A few years ago, I was sitting in the National Media Museum’s beautiful Pictureville cinema post-screening, filling out an audience survey form.
The fact that I am a journalist and have very good eyesight are two things I offer in mitigation for what I did once I had filled out my form.
My professionally-honed sense of curiosity and naturally impressive vision meant I couldn’t help but read the form of the person sitting in front of me. They were writing something in the ‘any other comments’ section. I was intrigued. Their comment read ‘I love the cinema, just a shame it’s in Bradford’.
I remember reading it because when someone says something mean about something you feel belongs to you, it stays with you.
My home city is much-maligned. Riots, racial tension, a long-left hole in the ground; the tireless campaigners behind the bid of Bradford to be named City of Culture for 2025 know they have an uphill battle ahead of them.
There is another side to the story of Bradford, to the youthful energy and unique, independent spirit of the city. It’s a side of the story captured in a new piece of theatre from the constantly impressive Common Wealth.

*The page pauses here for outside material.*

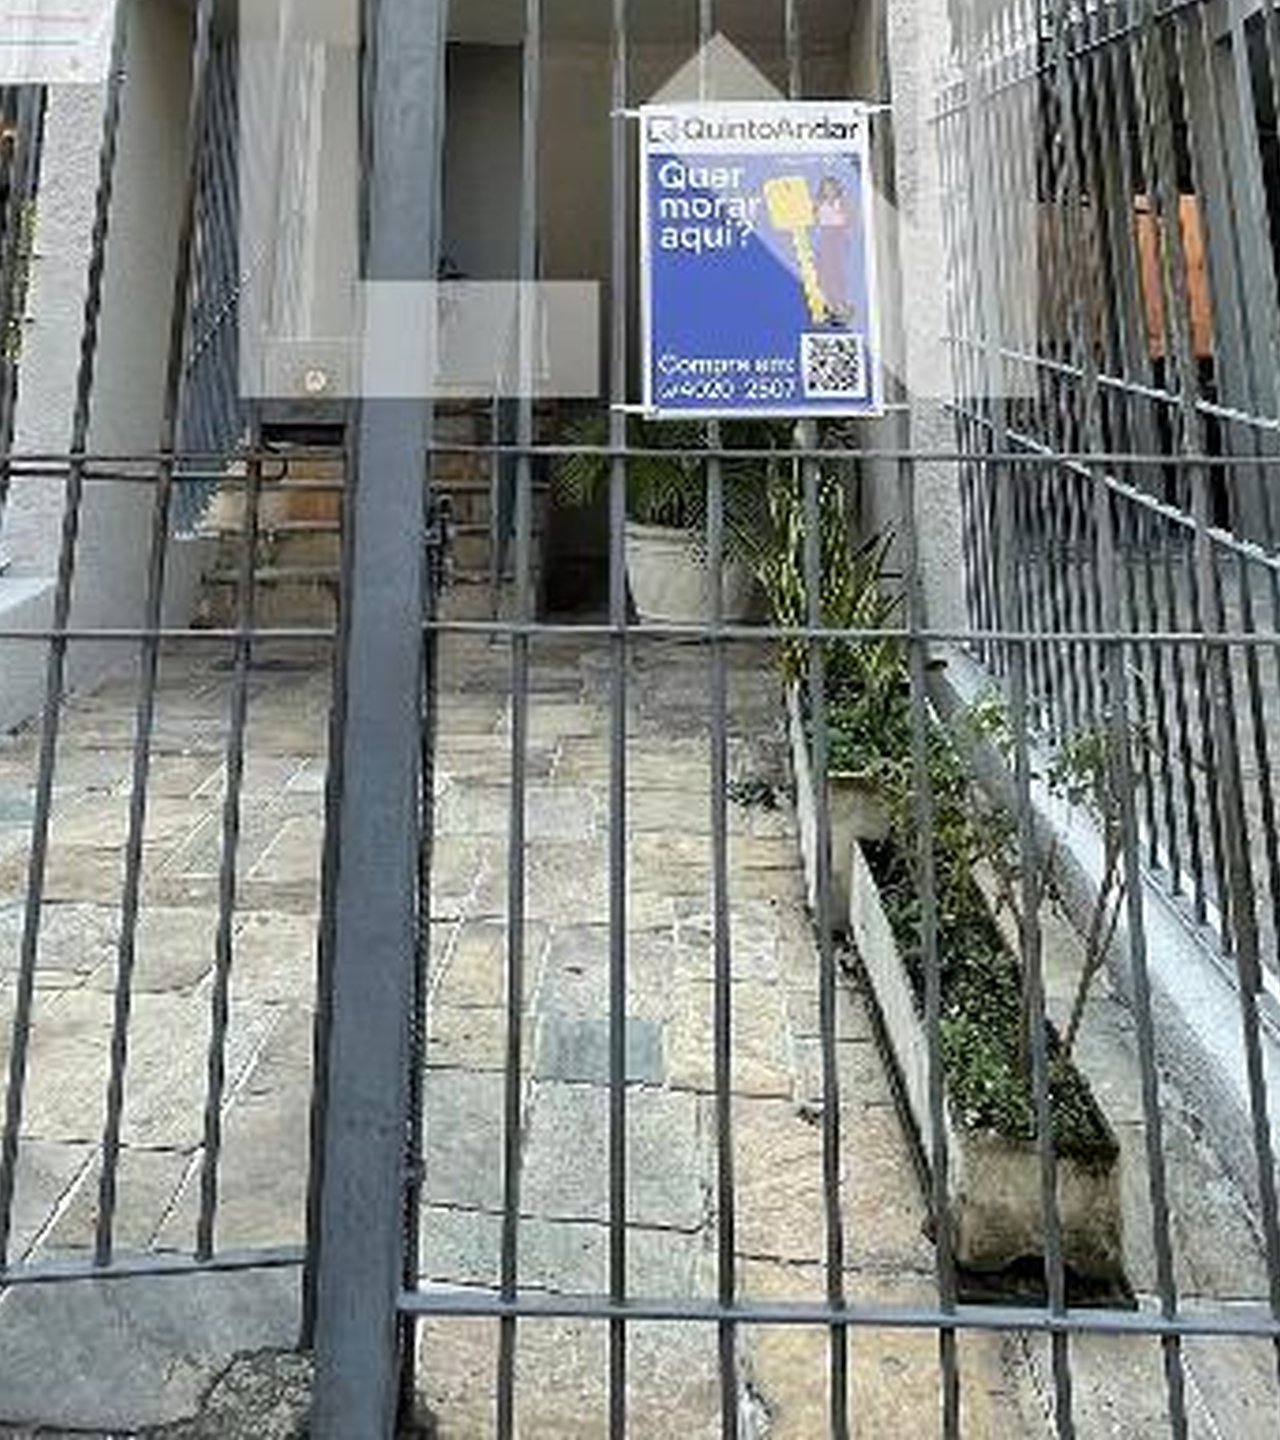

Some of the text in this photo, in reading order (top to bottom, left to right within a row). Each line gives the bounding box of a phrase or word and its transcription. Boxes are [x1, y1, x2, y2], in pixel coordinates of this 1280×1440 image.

[684, 117, 859, 141] QuintoAndar
[658, 161, 745, 191] Quer
[660, 197, 761, 219] morar
[660, 219, 754, 254] aqui?

Born in Bradford and still operating with a base in the city (as well as Cardiff) the theatre company was made internationally famous by No Guts, No Heart, No Glory, its production by and about Muslim female boxers in Bradford. Recorded for the BBC and invited to an Australian festival, it planted a flag in the ground for a company that challenged everything about the stories theatre is supposed to tell, who tells those stories and even what theatre is.

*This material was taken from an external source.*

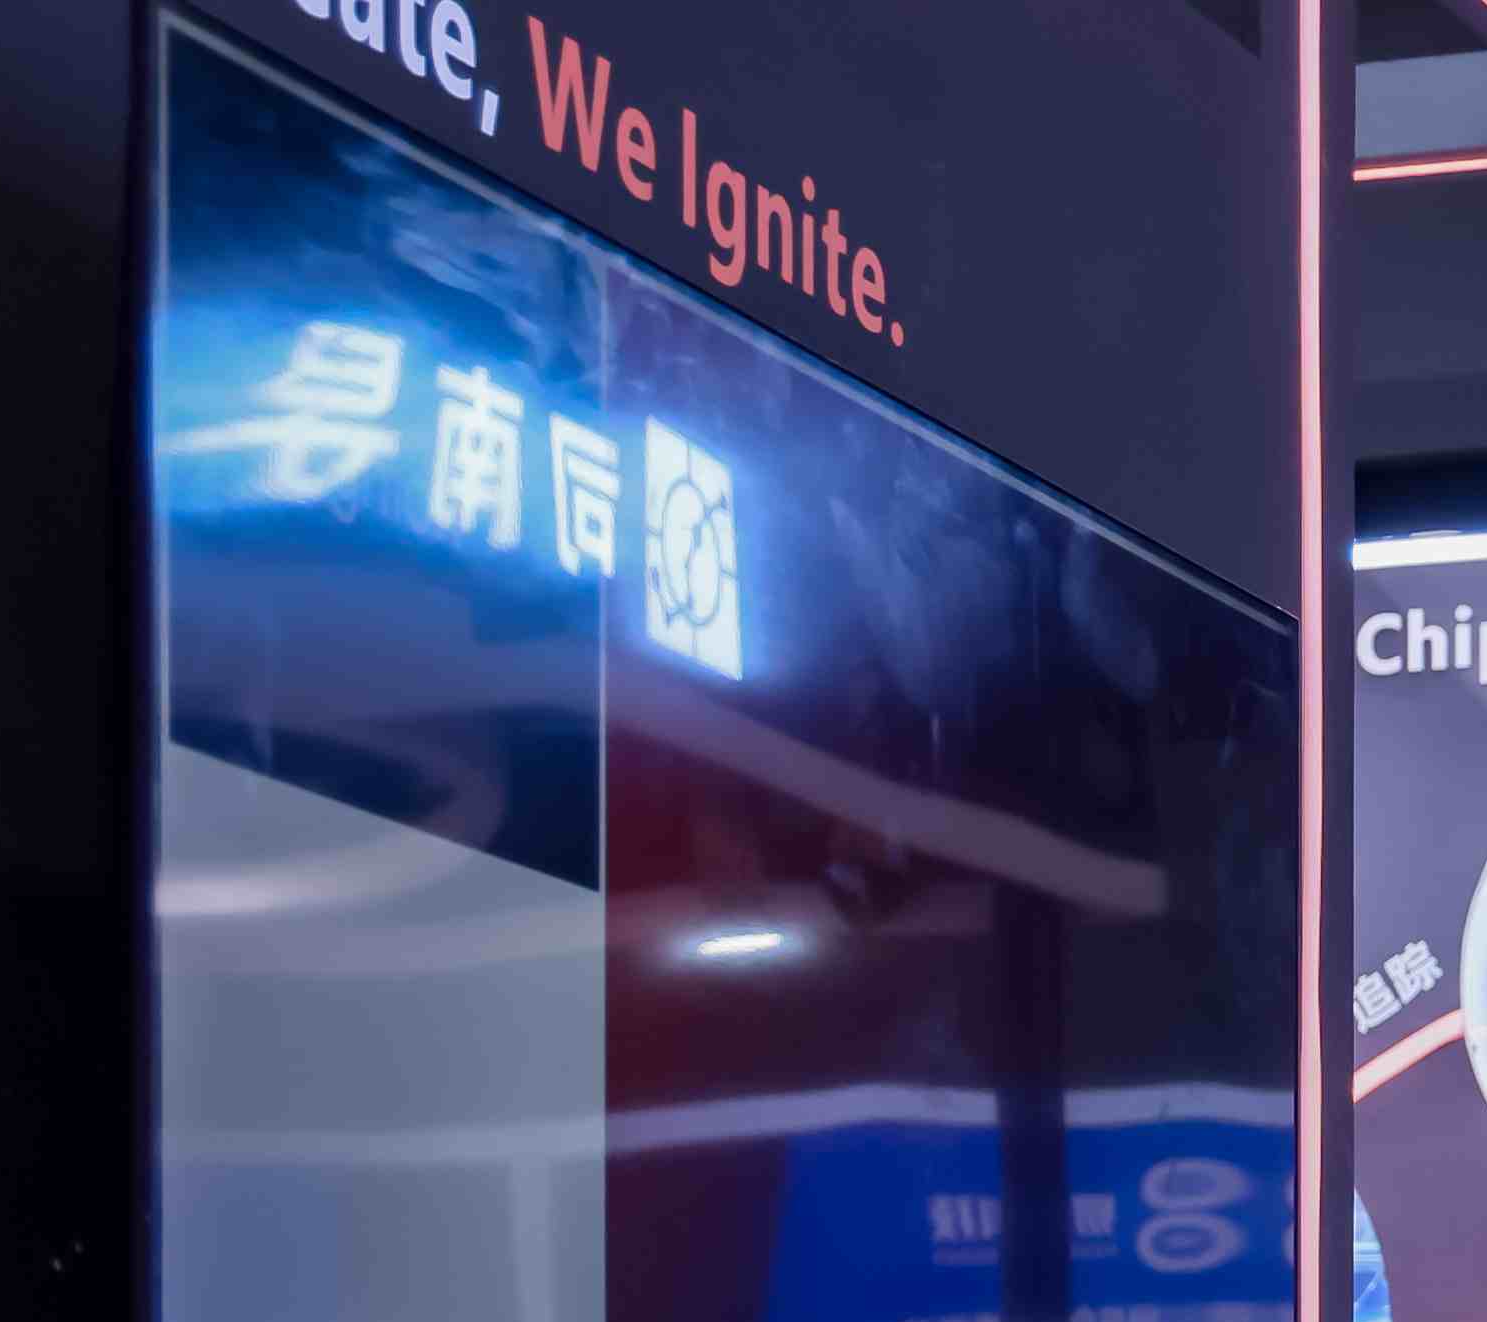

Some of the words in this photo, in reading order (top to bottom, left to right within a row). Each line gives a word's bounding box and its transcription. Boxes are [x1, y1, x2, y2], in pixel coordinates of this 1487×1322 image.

Led by co-artistic directors Evie Manning and Rhiannon White, it is treading familiar – and entirely new – ground with Peaceophobia, which receives its world premiere tonight and is a typically combative piece that has grown organically from a surprising place.
Ostensibly it tells the story of young Pakistani men from Bradford who are brought together by a passion for modified cars. It is about much more than that beneath the surface.
London playwright Zia Ahmed has brought the stories together as the playwright for Peaceophobia, but the idea began locally, as Ahmed discovered when he came to Bradford for the first time last year.
“I met with Common Wealth and the people from Speakers Corner,” he says. Speakers Corner is a Bradford collective of women and girls facilitated by Common Wealth.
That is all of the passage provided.